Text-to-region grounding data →
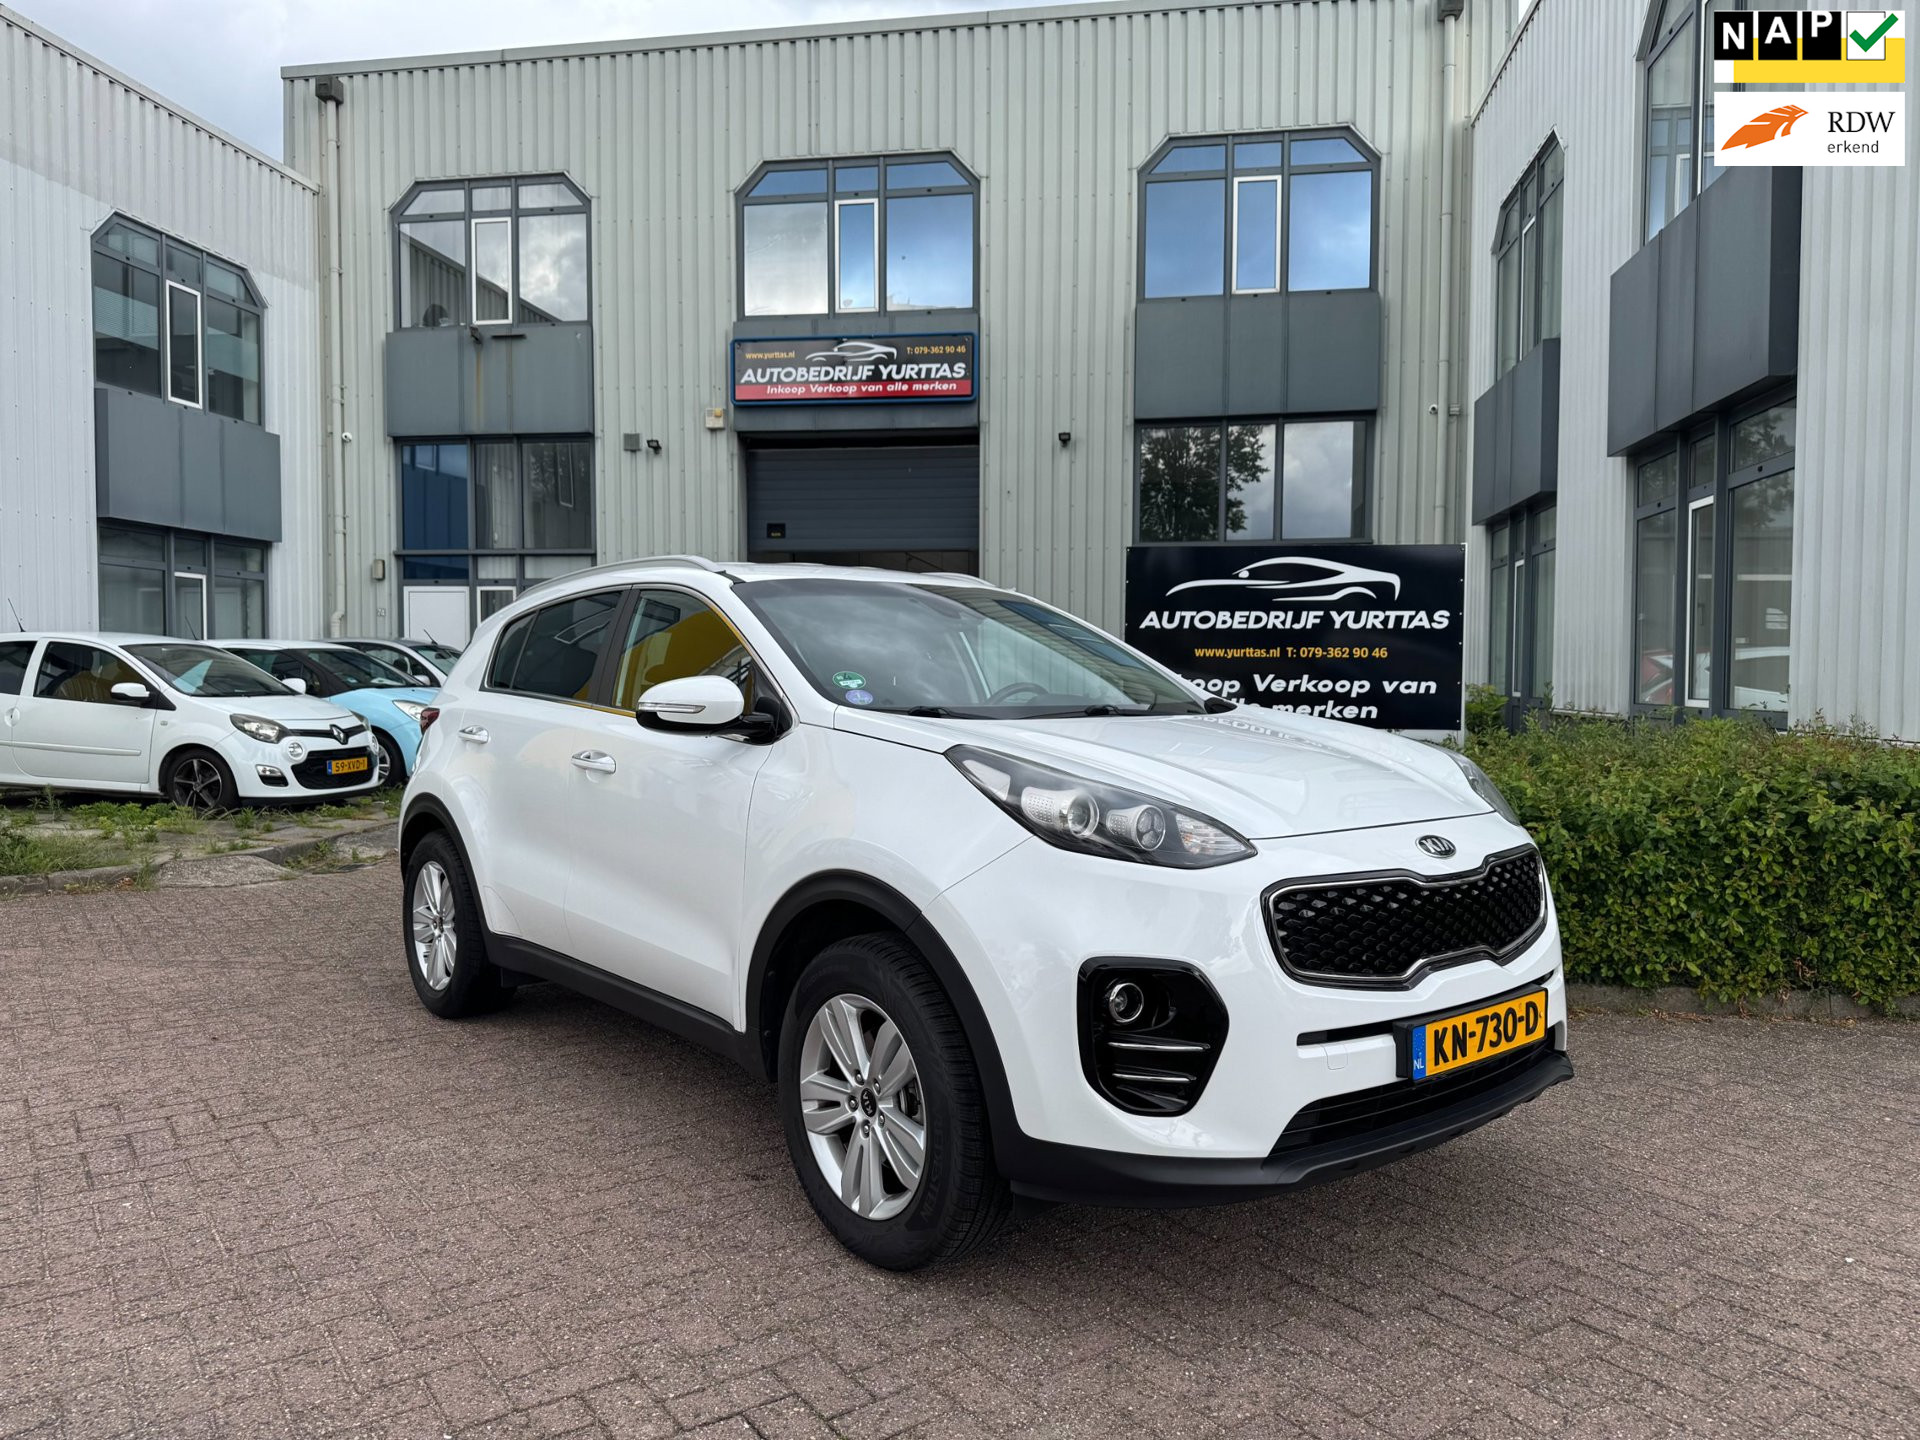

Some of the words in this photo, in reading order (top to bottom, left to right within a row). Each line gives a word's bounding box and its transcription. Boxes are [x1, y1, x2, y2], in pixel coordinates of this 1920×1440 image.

[745, 350, 796, 360] www.yurttas.nl
[914, 345, 944, 355] 079-362
[945, 345, 955, 354] 90
[955, 344, 967, 353] 46
[740, 365, 874, 384] AUTOBEDRIJF
[878, 362, 967, 380] YURTTAS
[766, 385, 806, 396] Inkoop
[810, 383, 857, 396] Verkoop
[861, 384, 883, 392] van
[886, 382, 909, 392] alle
[912, 381, 957, 391] merken
[1139, 610, 1325, 630] AUTOBEDRIJF
[1329, 609, 1450, 630] YURTTAS
[1194, 646, 1280, 660] www.yurttas.nl
[1286, 647, 1297, 658] T:
[1299, 646, 1350, 659] 079-362
[1352, 647, 1369, 659] 90
[1371, 647, 1388, 659] 46
[1253, 674, 1370, 699] Verkoop
[1382, 679, 1437, 695] van
[335, 759, 365, 772] 59-XVD-1
[1433, 1000, 1539, 1067] KN-730-D
[1413, 1058, 1425, 1070] NL
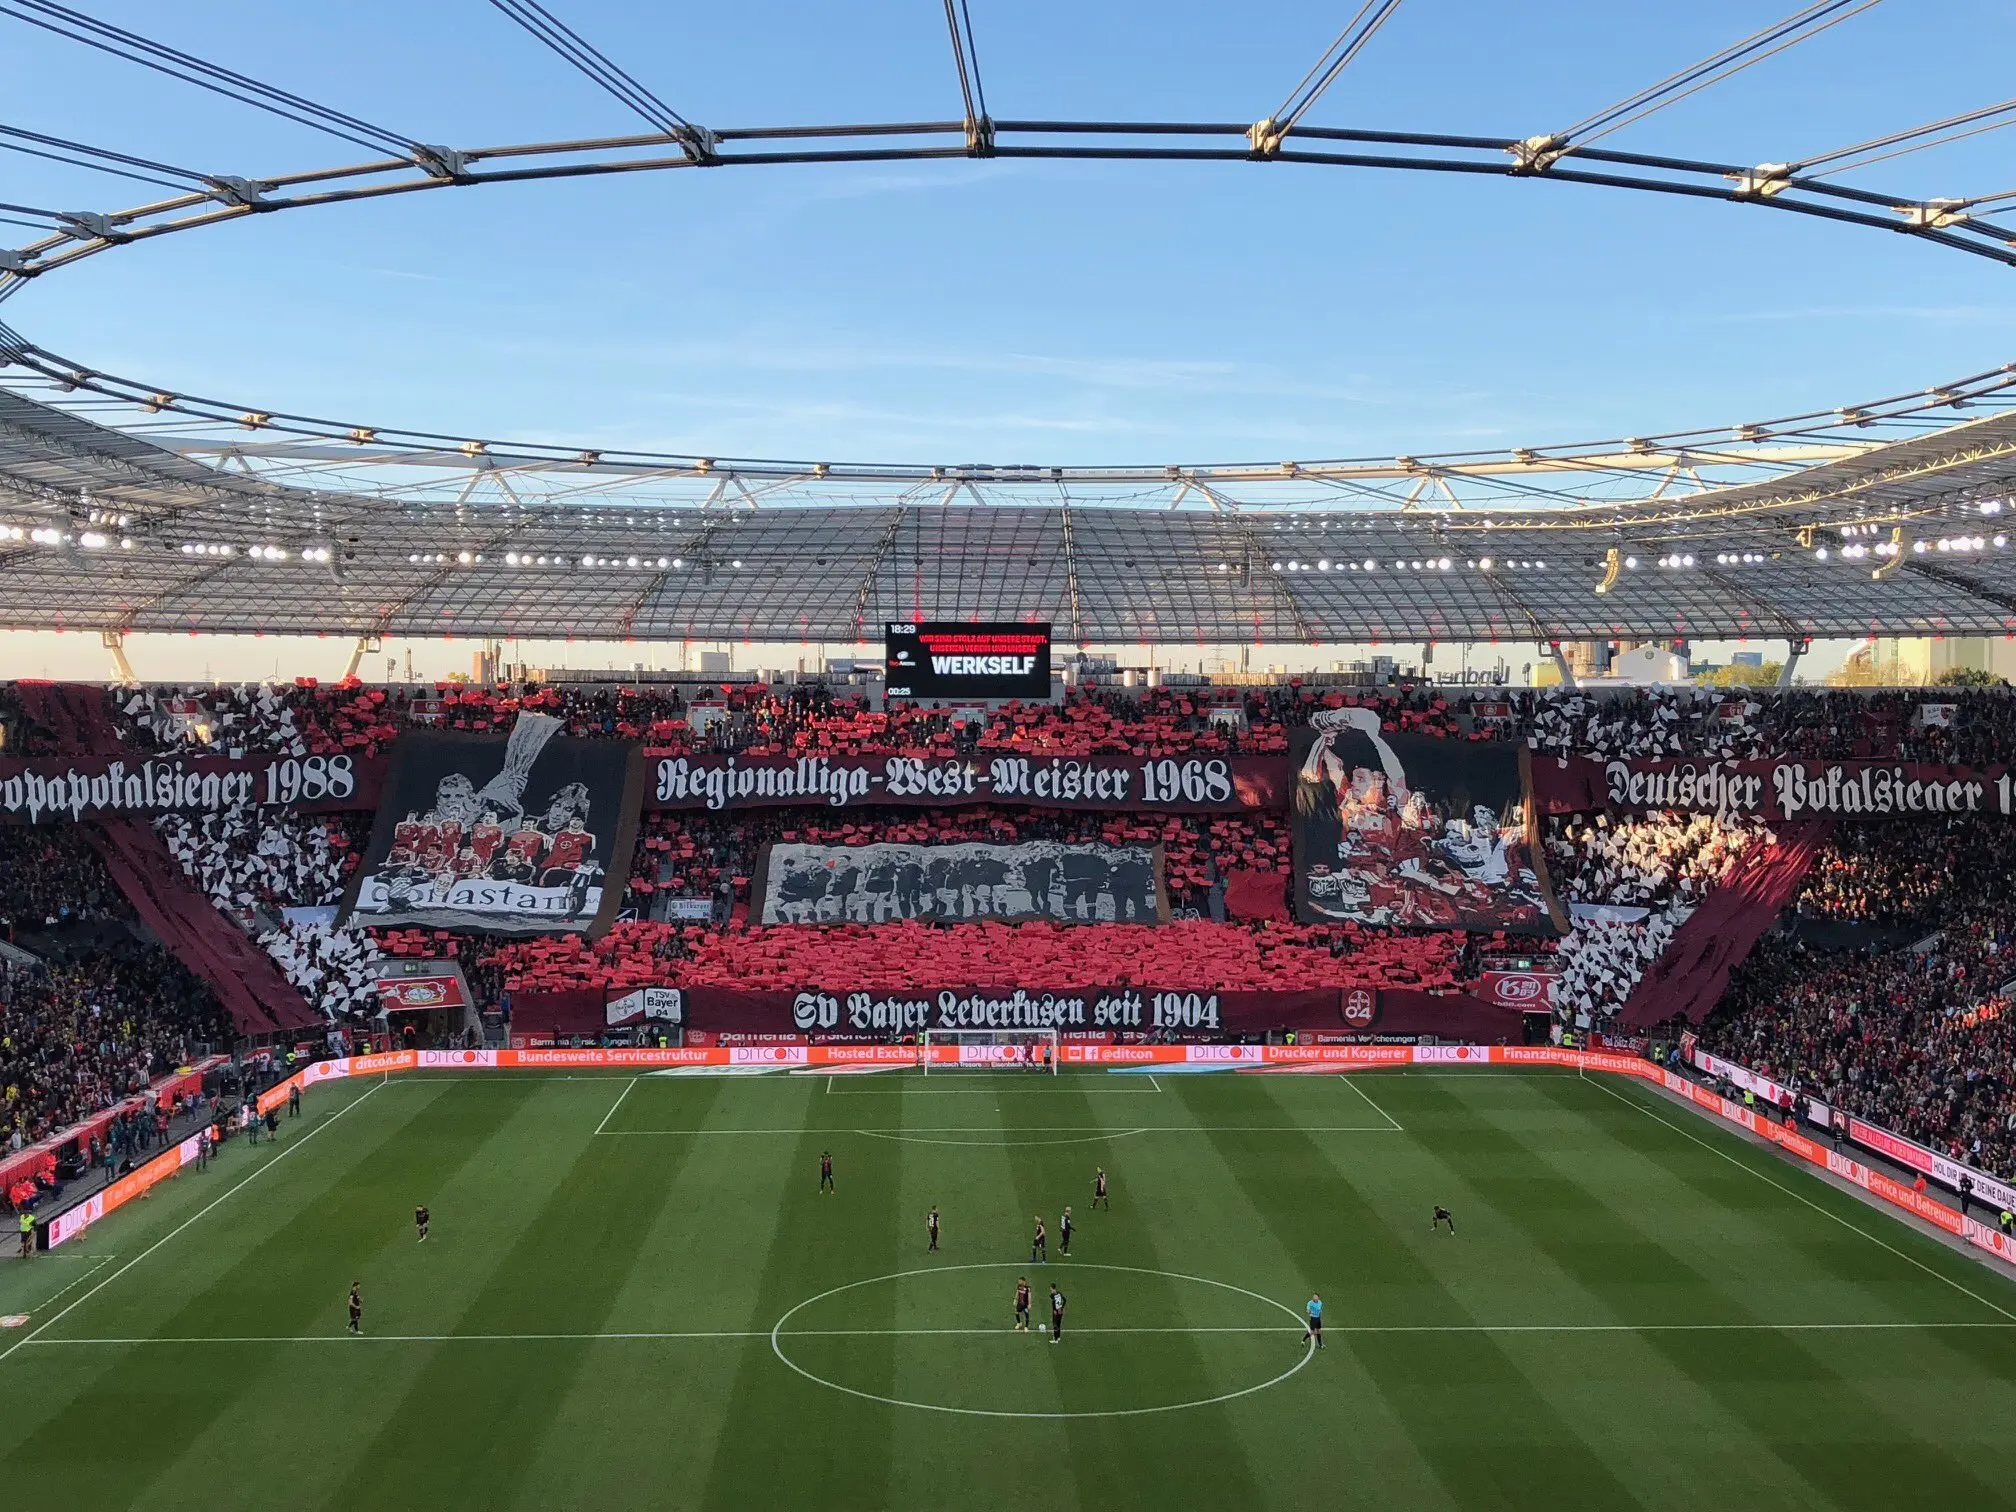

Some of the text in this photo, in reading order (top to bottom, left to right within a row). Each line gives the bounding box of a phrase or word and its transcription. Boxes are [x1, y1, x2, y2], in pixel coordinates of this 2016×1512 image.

[890, 624, 916, 634] 18:29
[953, 635, 976, 643] STOLZ
[976, 635, 991, 643] AUF
[992, 635, 1020, 643] UNSERE
[931, 656, 1036, 674] WERKSELF
[888, 687, 911, 696] 00:25
[0, 754, 354, 824] opapokalsieger 1988
[656, 756, 1232, 810] Regionalliga-West-Meister 1968
[1605, 760, 2016, 821] Deutscher Pokalsieger 1
[647, 997, 678, 1009] Bayer
[847, 991, 930, 1034] Bayer
[938, 990, 1086, 1029] Leverkusen
[1094, 990, 1143, 1027] seit
[1150, 992, 1220, 1029] 1904
[1345, 1006, 1372, 1020] 04
[530, 1038, 570, 1046] Barmnia
[1317, 1034, 1356, 1043] Barmenia
[426, 1050, 489, 1064] DITCON
[517, 1048, 708, 1062] Bundesweite Servicestruktur
[738, 1047, 799, 1060] DITCON
[828, 1048, 939, 1062] Hosted Exchange
[1101, 1048, 1153, 1060] @ditcon
[1194, 1046, 1255, 1059] DITCON
[1269, 1047, 1407, 1061] Drucker und Kopierer
[1420, 1046, 1481, 1059] DITCON
[355, 1051, 412, 1070] ditcon.de
[1830, 1152, 1865, 1182] DITCON
[1933, 1160, 1946, 1176] HOL
[1946, 1165, 1958, 1180] DIR
[1976, 1180, 1995, 1199] DEINE
[1869, 1172, 1962, 1232] Service und Betreuung
[65, 1195, 99, 1232] DITCON
[1967, 1218, 2012, 1256] DITCON
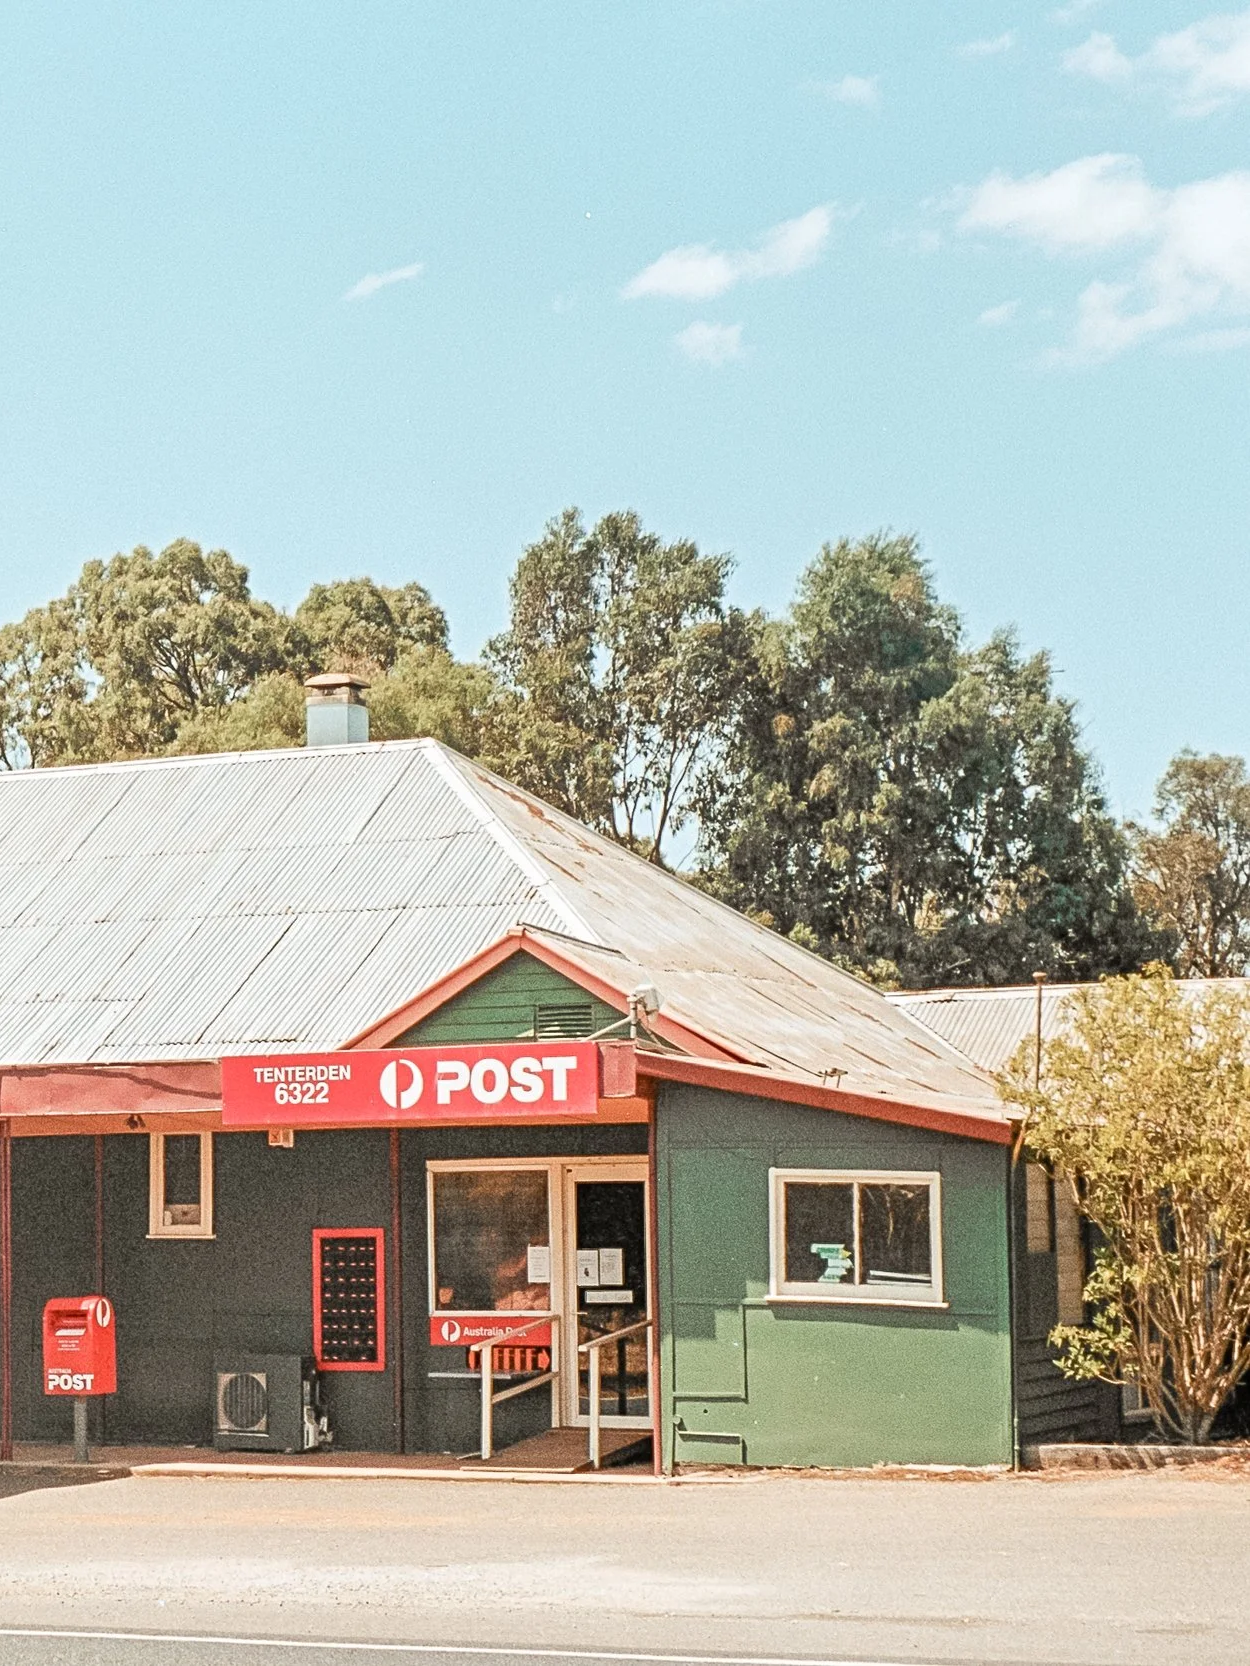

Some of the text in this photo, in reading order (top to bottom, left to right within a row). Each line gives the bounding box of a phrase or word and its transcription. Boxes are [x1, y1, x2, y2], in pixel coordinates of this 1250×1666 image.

[253, 1064, 351, 1083] TENTERDEN
[436, 1056, 578, 1105] POST
[274, 1082, 330, 1105] 6322
[463, 1326, 504, 1337] Australia
[48, 1374, 94, 1390] POST

TASK ITEM → Pictures aside, return all the entries above exactly.

SOLUTION TO THIS EXERCISE →
Some of the words in this photo, in reading order (top to bottom, left to right within a row). Each line gives a word's bounding box and its transcription. Boxes are [x1, y1, x2, y2], in pixel coordinates of this 1920×1440 image.

[745, 350, 796, 360] www.yurttas.nl
[914, 345, 944, 355] 079-362
[945, 345, 955, 354] 90
[955, 344, 967, 353] 46
[740, 365, 874, 384] AUTOBEDRIJF
[878, 362, 967, 380] YURTTAS
[766, 385, 806, 396] Inkoop
[810, 383, 857, 396] Verkoop
[861, 384, 883, 392] van
[886, 382, 909, 392] alle
[912, 381, 957, 391] merken
[1139, 610, 1325, 630] AUTOBEDRIJF
[1329, 609, 1450, 630] YURTTAS
[1194, 646, 1280, 660] www.yurttas.nl
[1286, 647, 1297, 658] T:
[1299, 646, 1350, 659] 079-362
[1352, 647, 1369, 659] 90
[1371, 647, 1388, 659] 46
[1253, 674, 1370, 699] Verkoop
[1382, 679, 1437, 695] van
[335, 759, 365, 772] 59-XVD-1
[1433, 1000, 1539, 1067] KN-730-D
[1413, 1058, 1425, 1070] NL

Some of the text in this photo, in reading order (top to bottom, left to right within a row). Each line gives the bounding box of a phrase or word and its transcription. Boxes are [x1, y1, x2, y2], in pixel coordinates of this 2016×1512 image.

[890, 624, 916, 634] 18:29
[953, 635, 976, 643] STOLZ
[976, 635, 991, 643] AUF
[992, 635, 1020, 643] UNSERE
[931, 656, 1036, 674] WERKSELF
[888, 687, 911, 696] 00:25
[0, 754, 354, 824] opapokalsieger 1988
[656, 756, 1232, 810] Regionalliga-West-Meister 1968
[1605, 760, 2016, 821] Deutscher Pokalsieger 1
[647, 997, 678, 1009] Bayer
[847, 991, 930, 1034] Bayer
[938, 990, 1086, 1029] Leverkusen
[1094, 990, 1143, 1027] seit
[1150, 992, 1220, 1029] 1904
[1345, 1006, 1372, 1020] 04
[530, 1038, 570, 1046] Barmnia
[1317, 1034, 1356, 1043] Barmenia
[426, 1050, 489, 1064] DITCON
[517, 1048, 708, 1062] Bundesweite Servicestruktur
[738, 1047, 799, 1060] DITCON
[828, 1048, 939, 1062] Hosted Exchange
[1101, 1048, 1153, 1060] @ditcon
[1194, 1046, 1255, 1059] DITCON
[1269, 1047, 1407, 1061] Drucker und Kopierer
[1420, 1046, 1481, 1059] DITCON
[355, 1051, 412, 1070] ditcon.de
[1830, 1152, 1865, 1182] DITCON
[1933, 1160, 1946, 1176] HOL
[1946, 1165, 1958, 1180] DIR
[1976, 1180, 1995, 1199] DEINE
[1869, 1172, 1962, 1232] Service und Betreuung
[65, 1195, 99, 1232] DITCON
[1967, 1218, 2012, 1256] DITCON

Some of the text in this photo, in reading order (top to bottom, left to right within a row). Each line gives the bounding box of a phrase or word and its transcription. Boxes are [x1, y1, x2, y2], in pixel coordinates of this 1250×1666 image.

[253, 1064, 351, 1083] TENTERDEN
[436, 1056, 578, 1105] POST
[274, 1082, 330, 1105] 6322
[463, 1326, 504, 1337] Australia
[48, 1374, 94, 1390] POST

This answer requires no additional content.